Explorar Marte nunca foi uma corrida rápida. Para o róver Perseverance, da NASA, a missão se transformou em uma longa jornada científica que já dura mais de cinco anos terrestres.
Desde que pousou no planeta vermelho em fevereiro de 2021, o veículo vem atravessando lentamente crateras, depósitos sedimentares e regiões cobertas por rochas extremamente antigas em busca de respostas para uma das perguntas mais importantes da ciência moderna: Marte já teve vida?
Agora, além dos avanços científicos, o robô está prestes a alcançar uma marca simbólica. O Perseverance já percorreu 41,99 quilômetros na superfície marciana — praticamente a distância oficial de uma maratona.
Segundo a equipe da missão, ele deve ultrapassar os 42,2 quilômetros nas próximas semanas.
O Perseverance está explorando um antigo lago marciano

O róver opera principalmente dentro e ao redor da cratera Jezero, uma enorme formação localizada no hemisfério norte de Marte.
Os cientistas acreditam que essa região abrigou um lago há mais de 3 bilhões de anos. Imagens e análises feitas pelo Perseverance mostram antigos depósitos sedimentares em formato de leque, criados quando rios desaguavam naquele lago ancestral.
Hoje, Marte é frio, seco e praticamente sem atmosfera densa. Mas no passado distante o planeta possuía água líquida, temperaturas mais elevadas e condições potencialmente favoráveis ao surgimento de vida microscópica.
É justamente por isso que Jezero se tornou um dos lugares mais importantes já investigados pela NASA fora da Terra.
A possível descoberta de sinais de vida antiga
O maior resultado científico da missão foi anunciado pela NASA no ano passado.
O Perseverance coletou uma amostra de rocha avermelhada formada a partir de sedimentos do antigo fundo do lago marciano. Dentro dela, os instrumentos detectaram minerais e estruturas químicas que podem estar associados à atividade microbiana.
Os cientistas, no entanto, mantêm cautela.
Segundo os pesquisadores, os sinais encontrados também podem ter sido produzidos por processos puramente geológicos, sem relação com organismos vivos.

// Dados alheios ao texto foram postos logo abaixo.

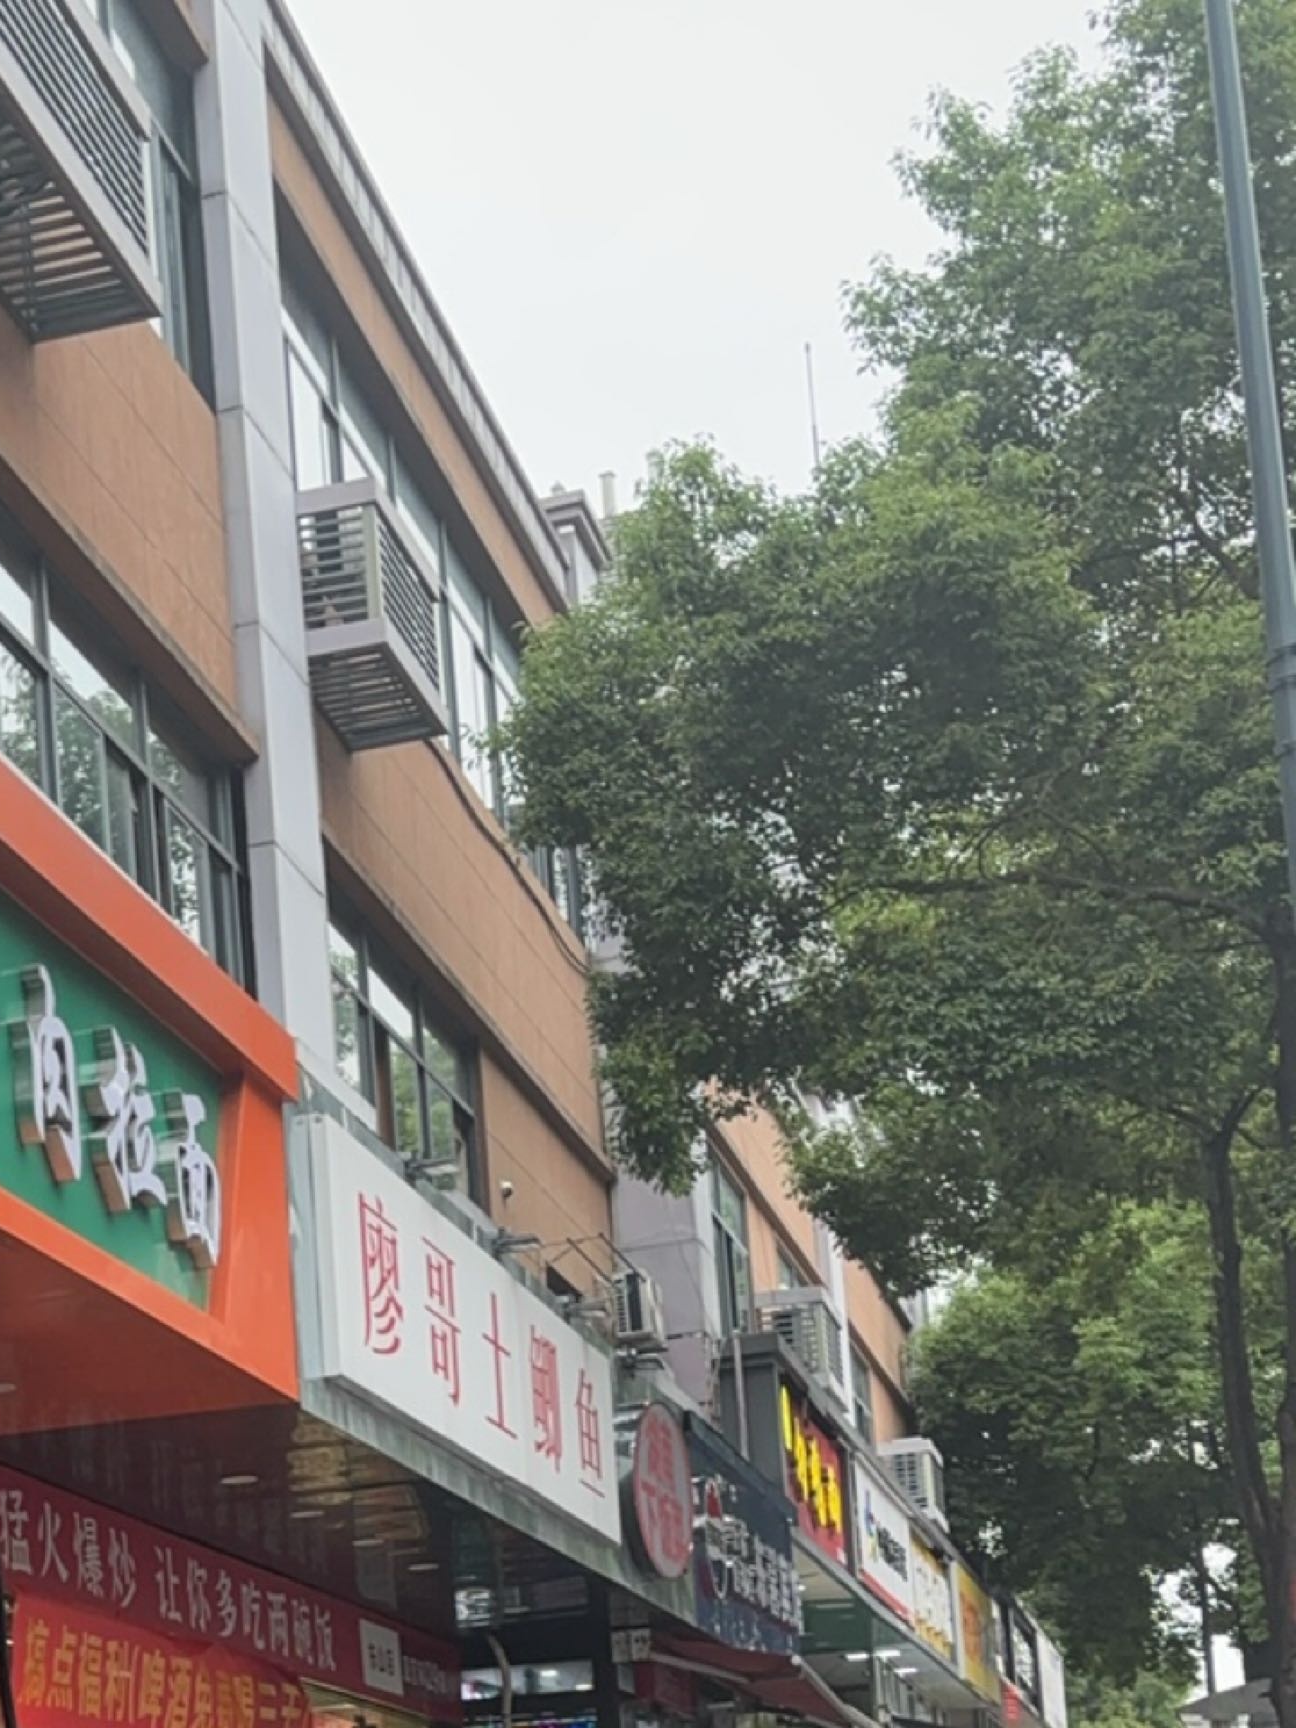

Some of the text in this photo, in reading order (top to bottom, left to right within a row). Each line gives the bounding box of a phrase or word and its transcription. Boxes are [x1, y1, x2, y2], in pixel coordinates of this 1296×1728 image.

[155, 1545, 337, 1672] 让你多吃两碗饭
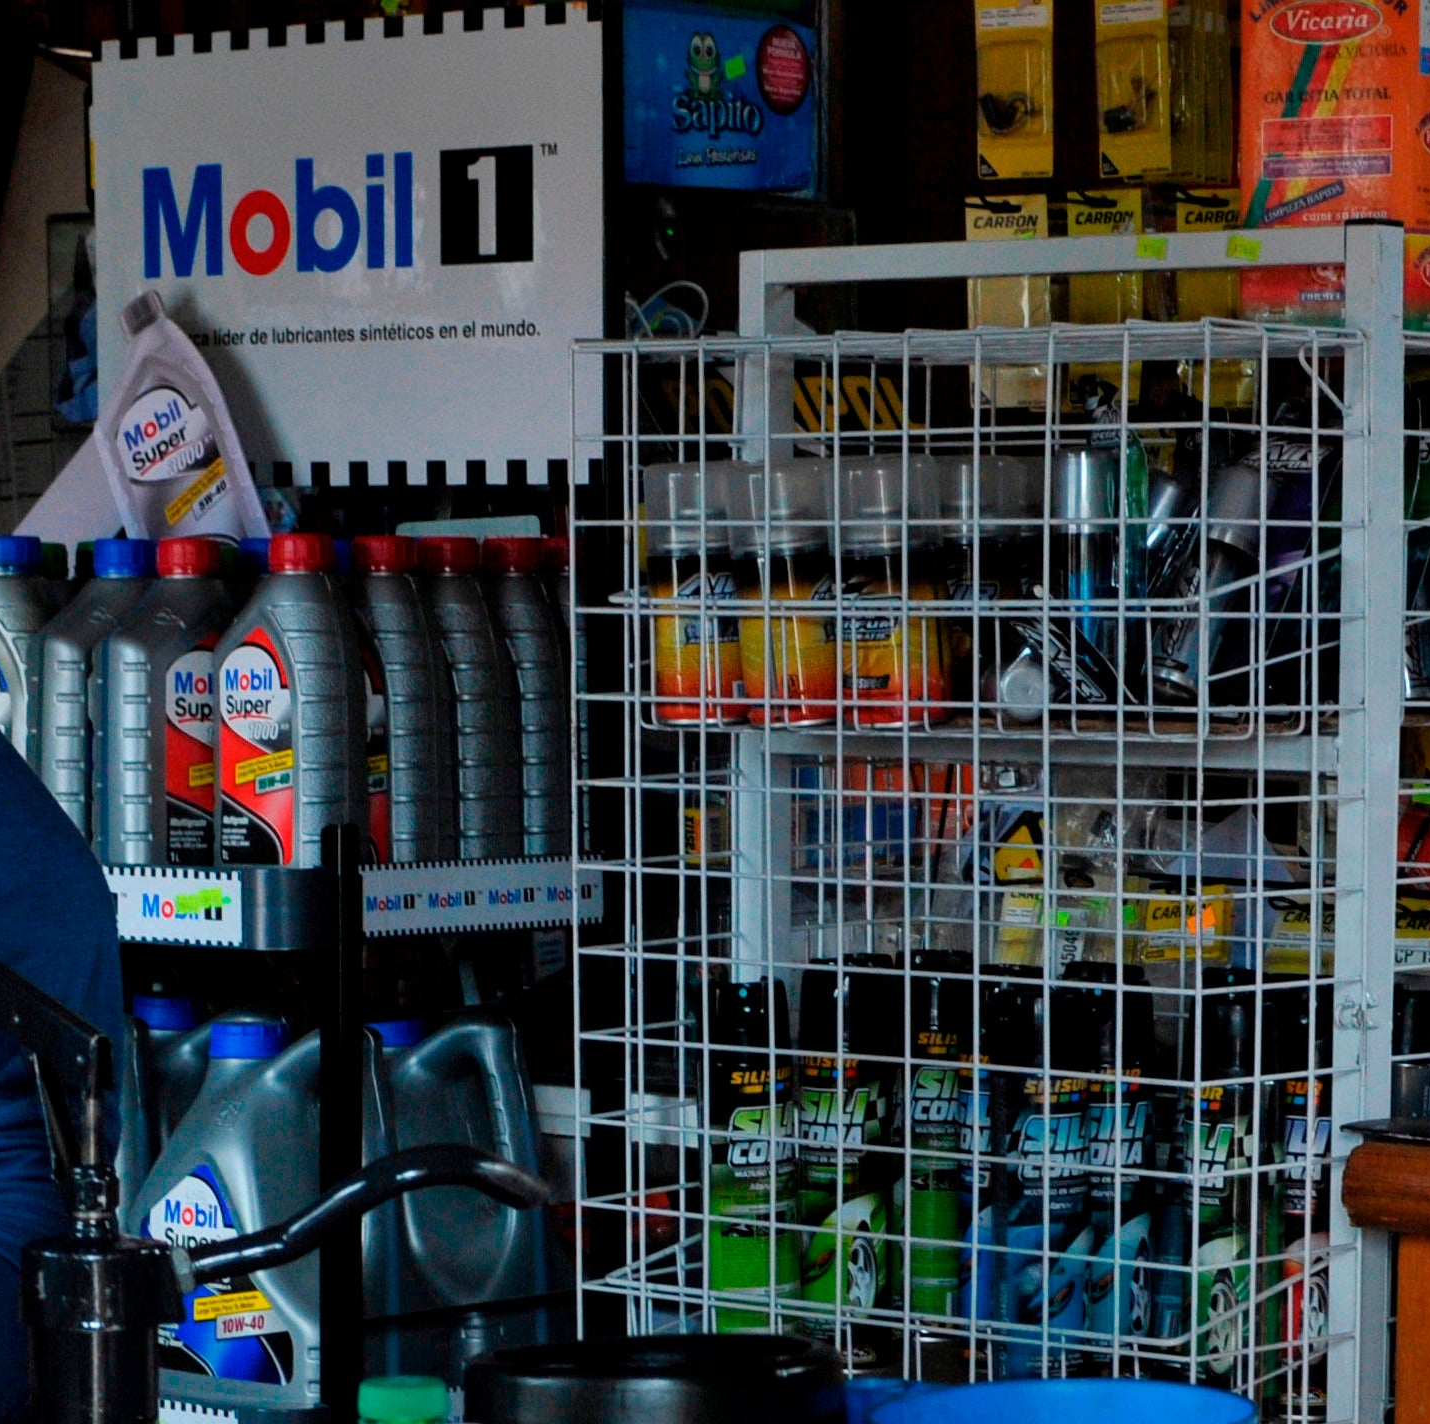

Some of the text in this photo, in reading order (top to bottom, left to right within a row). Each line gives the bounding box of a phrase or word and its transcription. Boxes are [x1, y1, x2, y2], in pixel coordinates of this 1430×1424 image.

[1285, 3, 1369, 32] Vicaria
[1343, 87, 1392, 100] TOTAL
[672, 92, 763, 137] Sapito
[142, 152, 414, 278] Mobil
[973, 215, 1039, 230] CARBON
[1075, 210, 1134, 225] CARBON
[213, 328, 245, 347] líder
[249, 329, 268, 345] de
[272, 326, 356, 345] lubricantes
[359, 322, 435, 342] sintéticos
[438, 324, 458, 340] en
[462, 321, 476, 339] el
[480, 318, 541, 339] mundo.
[123, 399, 182, 451] Mobil
[132, 425, 187, 472] Super
[224, 667, 273, 692] Mobil
[226, 694, 271, 720] Super
[366, 895, 401, 913] Mobil
[428, 892, 462, 910] Mobil
[489, 888, 521, 905] Mobil
[164, 1198, 218, 1229] Mobil
[222, 1314, 265, 1334] 10W-40
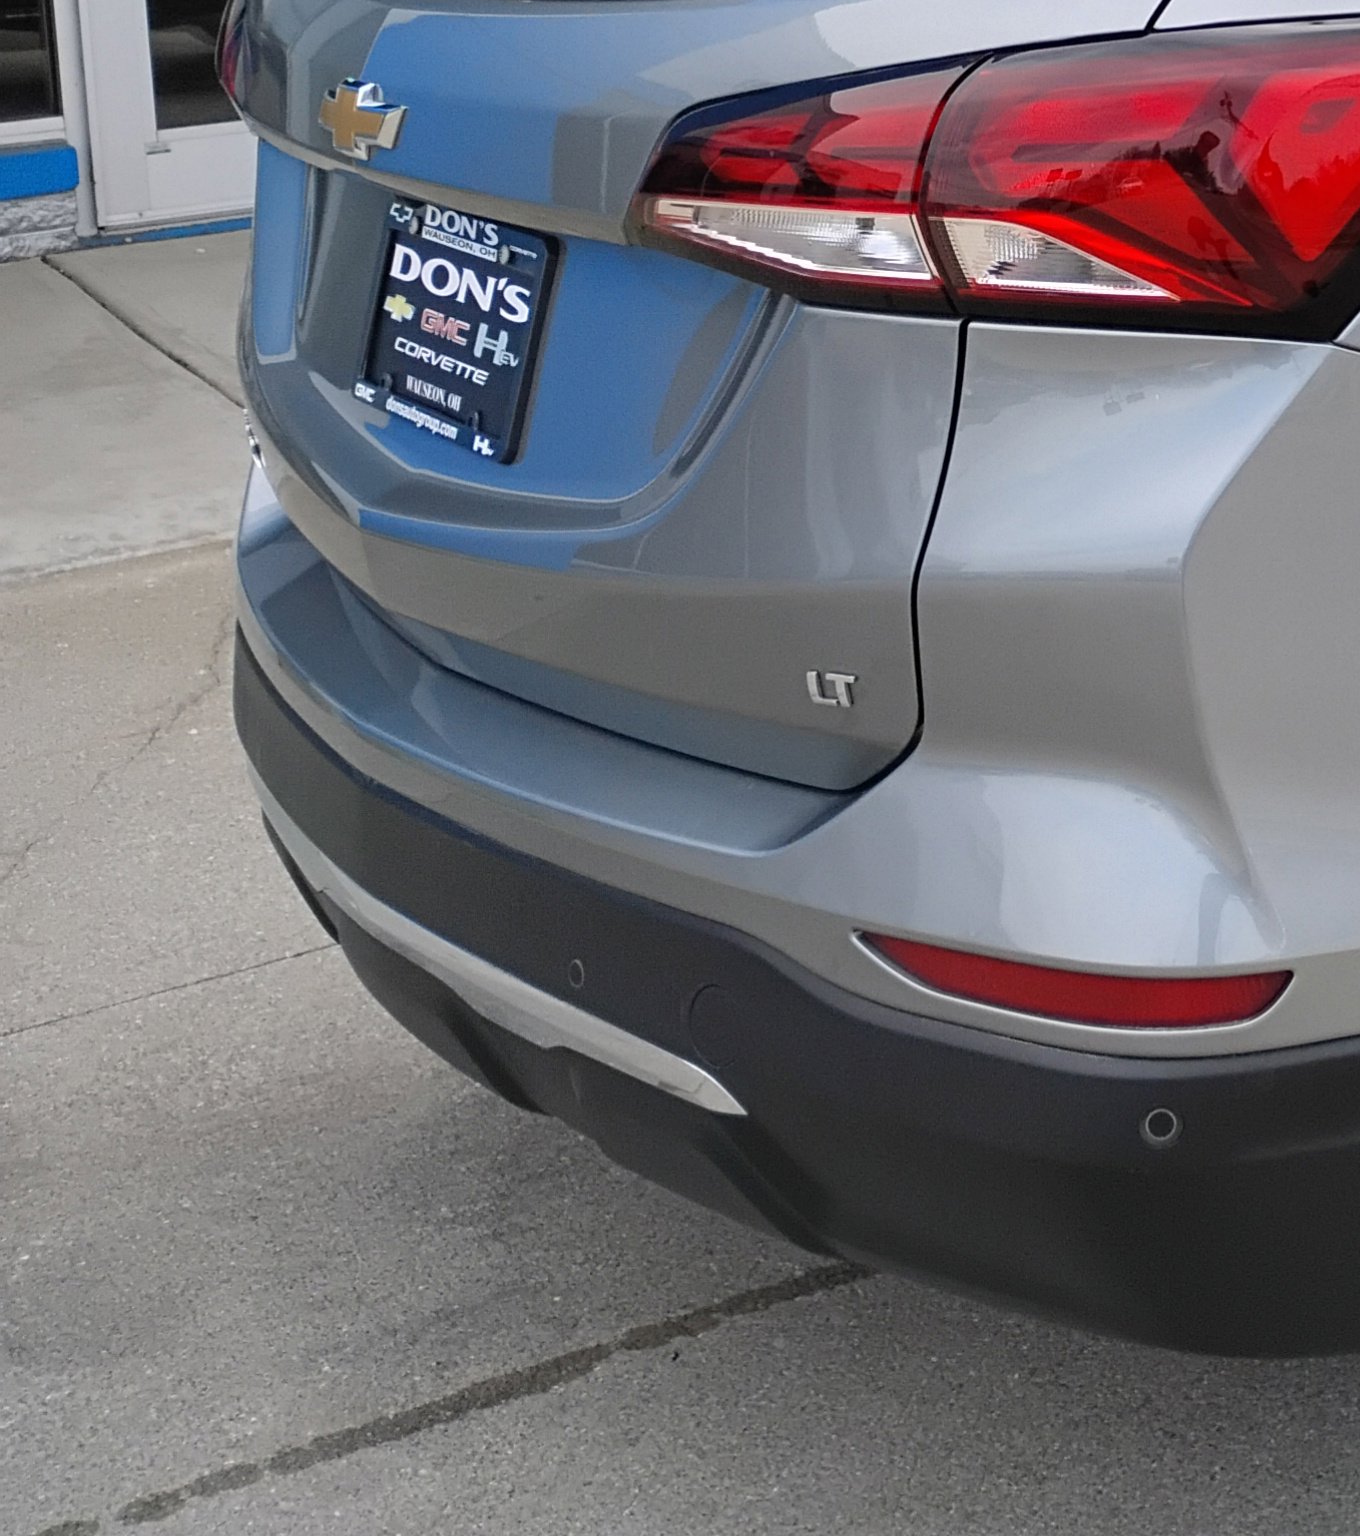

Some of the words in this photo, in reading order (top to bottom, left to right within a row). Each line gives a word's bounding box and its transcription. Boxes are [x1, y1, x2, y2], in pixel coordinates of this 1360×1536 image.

[423, 227, 476, 253] WAUSEON,
[479, 247, 497, 260] OH
[424, 204, 499, 247] DON'S
[389, 243, 531, 323] DON'S
[420, 308, 471, 346] GMC
[394, 337, 490, 386] CORVETTE
[354, 383, 376, 403] GMC
[406, 375, 448, 410] WAUSEON,
[448, 394, 462, 412] OH
[386, 395, 458, 440] donsautogroup.com
[806, 669, 858, 707] LT
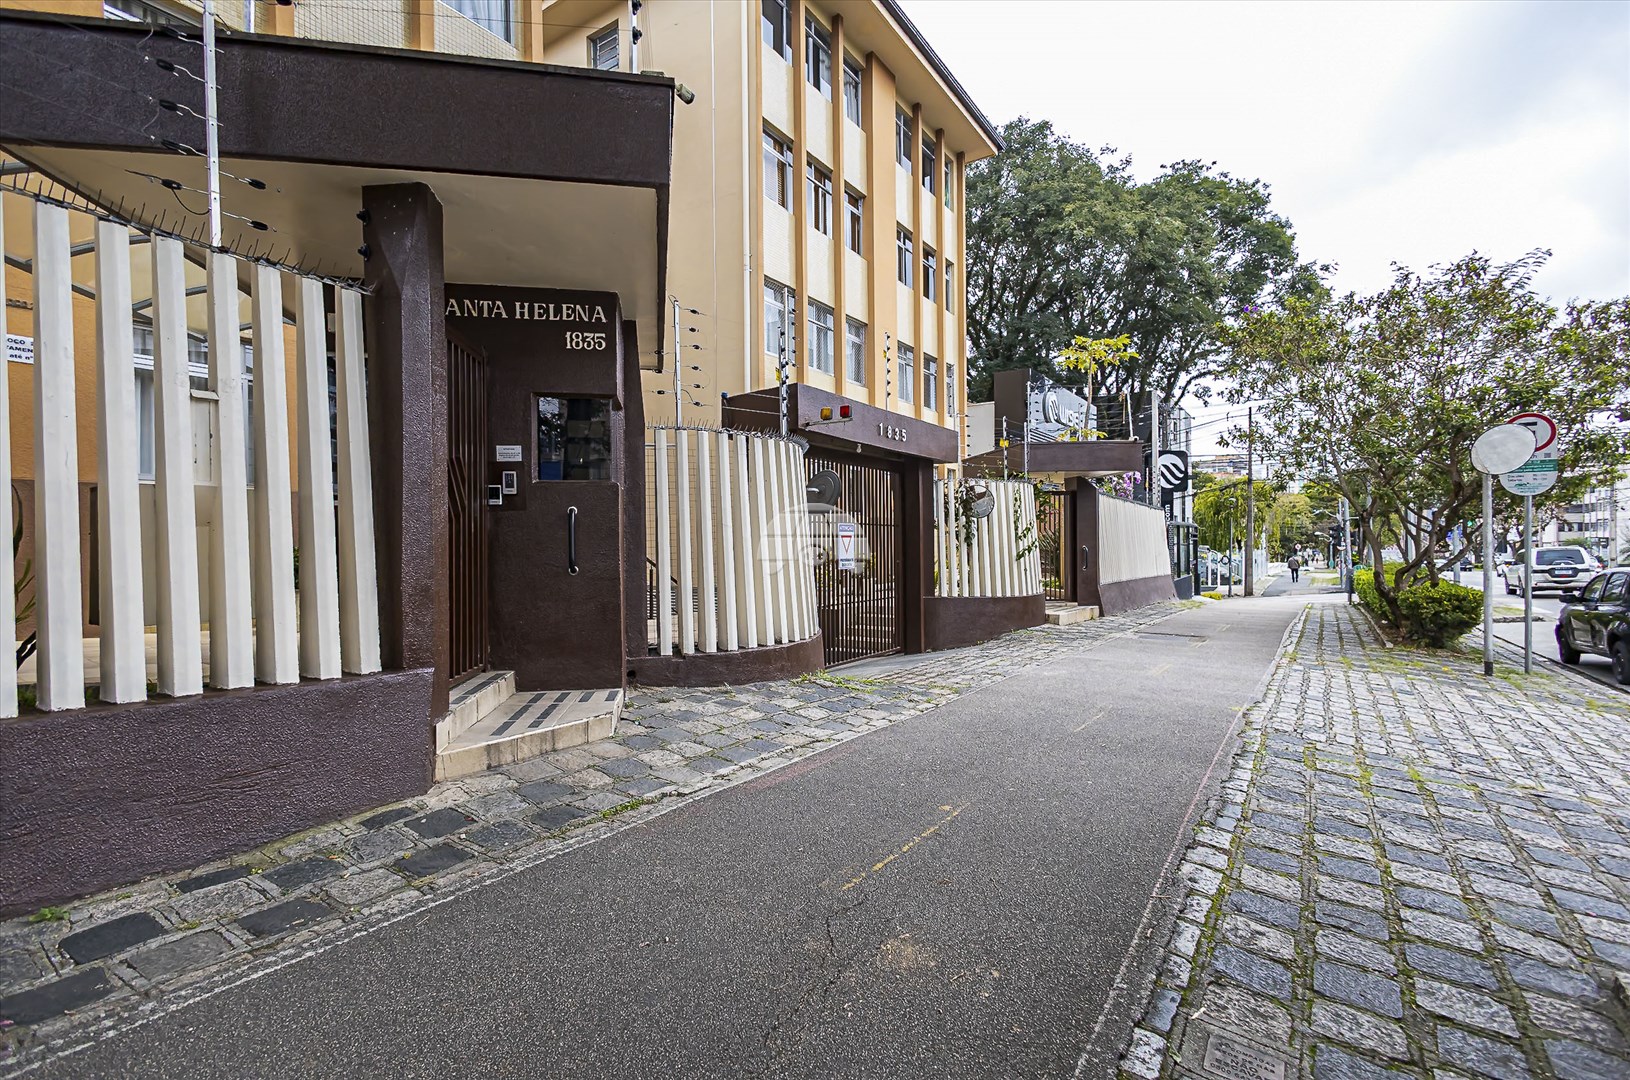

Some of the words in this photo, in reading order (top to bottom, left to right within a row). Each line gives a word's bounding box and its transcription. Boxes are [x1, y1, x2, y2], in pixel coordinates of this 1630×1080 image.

Ken Farley, cientista adjunto da missão e pesquisador do California Institute of Technology, explicou que a confirmação definitiva só será possível quando essas amostras forem trazidas para laboratórios na Terra.
Por isso, o Perseverance continua armazenando tubos com fragmentos de rochas marcianas que poderão ser recolhidos futuramente em uma missão robótica ou até tripulada.
Marte ainda guarda pistas de um planeta muito diferente
Além da busca por sinais de vida, o Perseverance vem revelando detalhes surpreendentes sobre a história climática de Marte.
O róver encontrou moléculas orgânicas, registrou descargas elétricas associadas aos chamados “redemoinhos de poeira” e observou, pela primeira vez em luz visível, uma aurora marciana deixando o céu do planeta levemente esverdeado.
Hoje, o veículo explora regiões localizadas fora da cratera Jezero, onde existem rochas possivelmente formadas há mais de 4 bilhões de anos.
Isso significa que elas surgiram em um período extremamente próximo ao nascimento do próprio planeta.
Como a Terra passou por intensa atividade geológica ao longo de bilhões de anos, muitas das rochas mais antigas do nosso planeta foram destruídas. Marte, por outro lado, preservou parte desse passado remoto quase intacto.
Segundo Farley, isso transforma o planeta vermelho em uma espécie de cápsula do tempo capaz de revelar como eram os ambientes onde a vida poderia ter começado também na Terra.
O Perseverance ainda pode operar por mais uma década

Originalmente, a missão havia sido planejada para durar cerca de um ano marciano — equivalente a 687 dias terrestres.
Mas o desempenho do veículo superou as expectativas.
De acordo com a NASA, o Perseverance continua em excelente estado e ainda possui combustível nuclear suficiente para seguir operando por pelo menos mais dez anos.
Enquanto isso, outro veterano da exploração marciana continua ativo no planeta: o róver Curiosity, que pousou em 2012 na cratera Gale.
O recorde de distância percorrida em Marte, porém, ainda pertence ao Opportunity, que viajou impressionantes 45,16 quilômetros antes de encerrar sua missão em 2019.
Agora, o Perseverance está muito perto de alcançar essa marca — enquanto continua tentando descobrir se Marte já foi, um dia, um mundo vivo.